--- Work to complete ---
Extract all of the entries and set them down verbatim.

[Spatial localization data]
★ ★ ★
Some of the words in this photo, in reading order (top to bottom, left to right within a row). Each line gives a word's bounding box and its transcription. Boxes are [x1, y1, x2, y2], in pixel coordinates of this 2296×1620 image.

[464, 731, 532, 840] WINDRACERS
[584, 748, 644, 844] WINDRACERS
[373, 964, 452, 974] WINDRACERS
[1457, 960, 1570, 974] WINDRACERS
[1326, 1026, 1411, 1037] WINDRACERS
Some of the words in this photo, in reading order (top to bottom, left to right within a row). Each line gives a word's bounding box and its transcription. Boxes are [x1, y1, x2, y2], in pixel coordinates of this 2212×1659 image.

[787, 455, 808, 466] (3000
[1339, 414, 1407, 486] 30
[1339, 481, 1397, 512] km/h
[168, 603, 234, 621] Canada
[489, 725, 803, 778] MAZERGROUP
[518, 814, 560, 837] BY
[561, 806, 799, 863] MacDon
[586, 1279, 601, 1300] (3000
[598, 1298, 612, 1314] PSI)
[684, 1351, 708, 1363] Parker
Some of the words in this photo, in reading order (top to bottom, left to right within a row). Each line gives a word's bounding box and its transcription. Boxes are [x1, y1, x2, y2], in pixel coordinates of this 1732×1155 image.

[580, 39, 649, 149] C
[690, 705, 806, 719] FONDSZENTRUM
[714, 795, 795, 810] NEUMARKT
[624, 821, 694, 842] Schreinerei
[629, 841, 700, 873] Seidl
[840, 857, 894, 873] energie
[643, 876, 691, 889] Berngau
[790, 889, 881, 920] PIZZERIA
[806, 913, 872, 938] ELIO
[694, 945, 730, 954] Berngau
★ ★ ★
--- Answer for this exercise ---
Some of the words in this photo, in reading order (top to bottom, left to right within a row). Each line gives a word's bounding box and its transcription. Boxes are [x1, y1, x2, y2], in pixel coordinates of this 2296×1620 image.

[464, 731, 532, 840] WINDRACERS
[584, 748, 644, 844] WINDRACERS
[373, 964, 452, 974] WINDRACERS
[1457, 960, 1570, 974] WINDRACERS
[1326, 1026, 1411, 1037] WINDRACERS
Some of the words in this photo, in reading order (top to bottom, left to right within a row). Each line gives a word's bounding box and its transcription. Boxes are [x1, y1, x2, y2], in pixel coordinates of this 2212×1659 image.

[787, 455, 808, 466] (3000
[1339, 414, 1407, 486] 30
[1339, 481, 1397, 512] km/h
[168, 603, 234, 621] Canada
[489, 725, 803, 778] MAZERGROUP
[518, 814, 560, 837] BY
[561, 806, 799, 863] MacDon
[586, 1279, 601, 1300] (3000
[598, 1298, 612, 1314] PSI)
[684, 1351, 708, 1363] Parker
Some of the words in this photo, in reading order (top to bottom, left to right within a row). Each line gives a word's bounding box and its transcription. Boxes are [x1, y1, x2, y2], in pixel coordinates of this 1732×1155 image.

[580, 39, 649, 149] C
[690, 705, 806, 719] FONDSZENTRUM
[714, 795, 795, 810] NEUMARKT
[624, 821, 694, 842] Schreinerei
[629, 841, 700, 873] Seidl
[840, 857, 894, 873] energie
[643, 876, 691, 889] Berngau
[790, 889, 881, 920] PIZZERIA
[806, 913, 872, 938] ELIO
[694, 945, 730, 954] Berngau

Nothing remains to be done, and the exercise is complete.